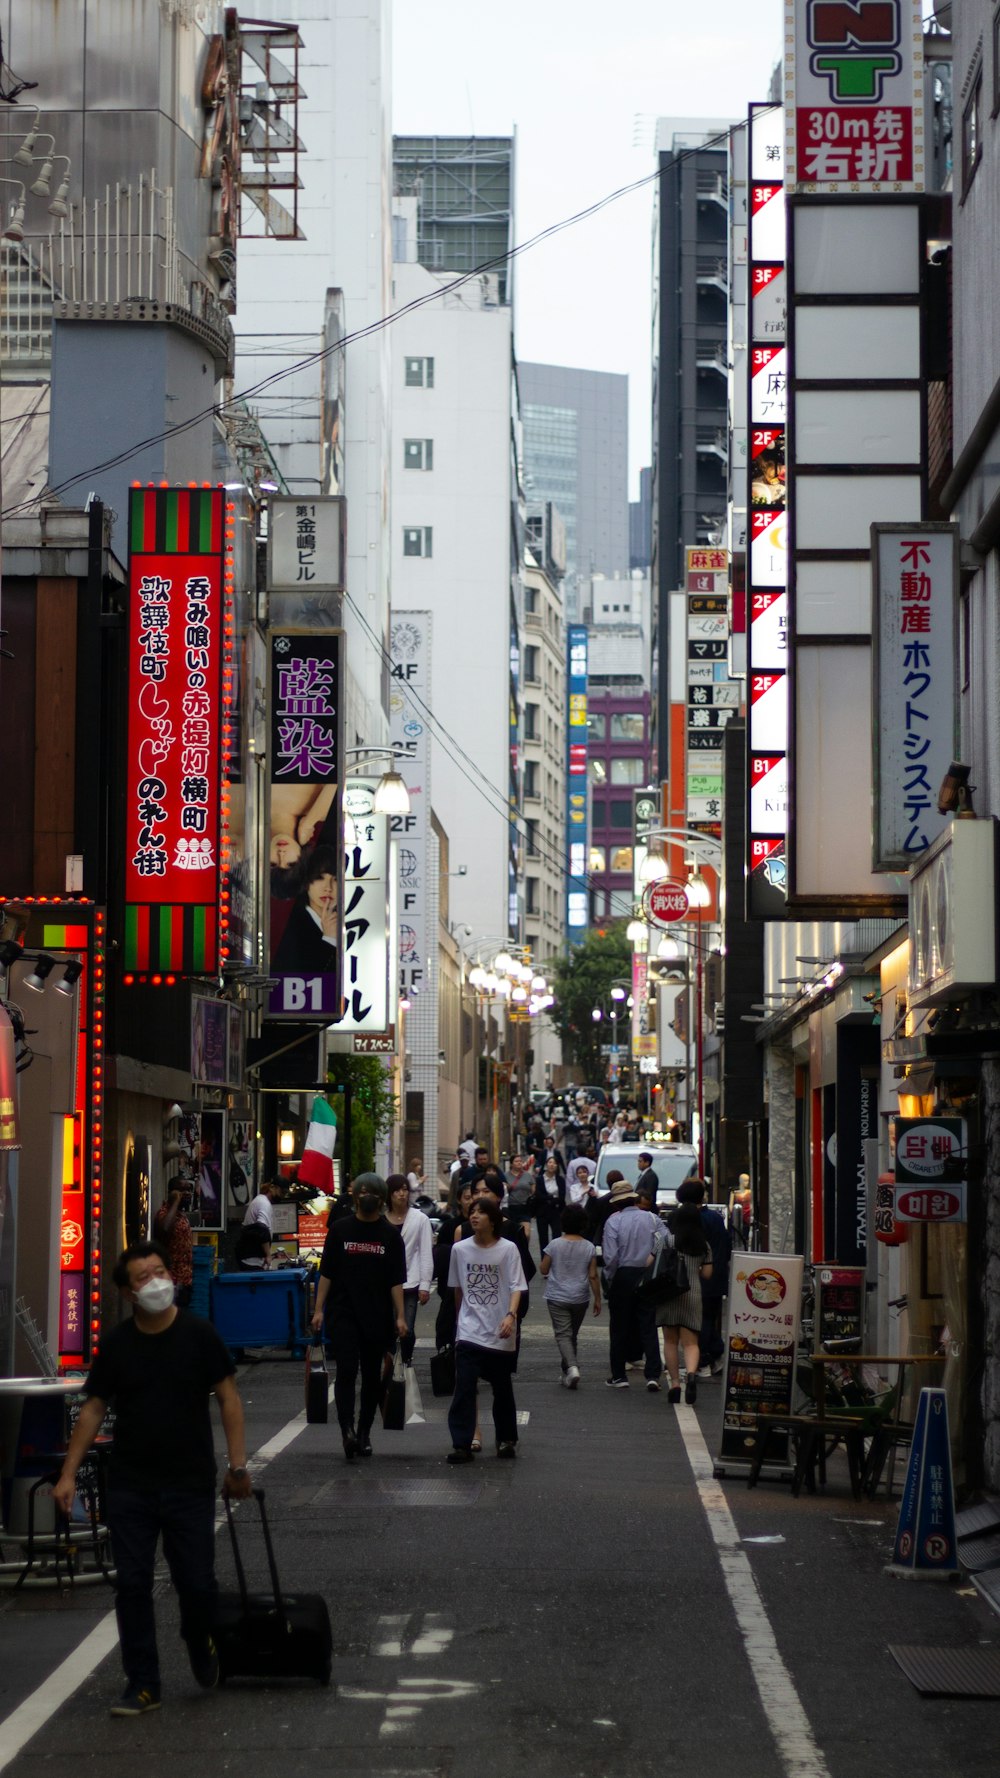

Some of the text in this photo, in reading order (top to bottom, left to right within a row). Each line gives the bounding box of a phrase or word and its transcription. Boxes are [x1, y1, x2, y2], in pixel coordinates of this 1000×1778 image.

[808, 110, 903, 141] 30m先
[804, 142, 902, 181] 右折
[755, 189, 772, 202] 3F
[755, 269, 772, 283] 3F
[754, 350, 771, 364] 3F
[754, 432, 771, 445] 2F
[754, 513, 772, 526] 2F
[691, 551, 725, 568] 麻雀
[900, 541, 931, 634] 不動産
[754, 595, 771, 608] 2F
[391, 664, 418, 679] 4F
[754, 677, 771, 690] 2F
[276, 657, 336, 777] 藍染
[902, 640, 932, 853] ホクトシステム
[754, 760, 769, 773] B1
[391, 816, 416, 832] 2F
[754, 842, 769, 855] B1
[179, 855, 210, 865] RED
[653, 895, 686, 910] 消火栓
[283, 977, 323, 1010] B1
[466, 1263, 499, 1273] LOEWE
[67, 1288, 78, 1332] 歌舞伎町
[929, 1464, 944, 1525] 駐車禁止

• **Assignment**:
Copy every record above exactly, leaving out any pictures.

• **Task answer**:
Some of the text in this photo, in reading order (top to bottom, left to right within a row). Each line gives the bounding box of a phrase or word and its transcription. Boxes are [x1, y1, x2, y2], in pixel coordinates of this 1000×1778 image.

[808, 110, 903, 141] 30m先
[804, 142, 902, 181] 右折
[755, 189, 772, 202] 3F
[755, 269, 772, 283] 3F
[754, 350, 771, 364] 3F
[754, 432, 771, 445] 2F
[754, 513, 772, 526] 2F
[691, 551, 725, 568] 麻雀
[900, 541, 931, 634] 不動産
[754, 595, 771, 608] 2F
[391, 664, 418, 679] 4F
[754, 677, 771, 690] 2F
[276, 657, 336, 777] 藍染
[902, 640, 932, 853] ホクトシステム
[754, 760, 769, 773] B1
[391, 816, 416, 832] 2F
[754, 842, 769, 855] B1
[179, 855, 210, 865] RED
[653, 895, 686, 910] 消火栓
[283, 977, 323, 1010] B1
[466, 1263, 499, 1273] LOEWE
[67, 1288, 78, 1332] 歌舞伎町
[929, 1464, 944, 1525] 駐車禁止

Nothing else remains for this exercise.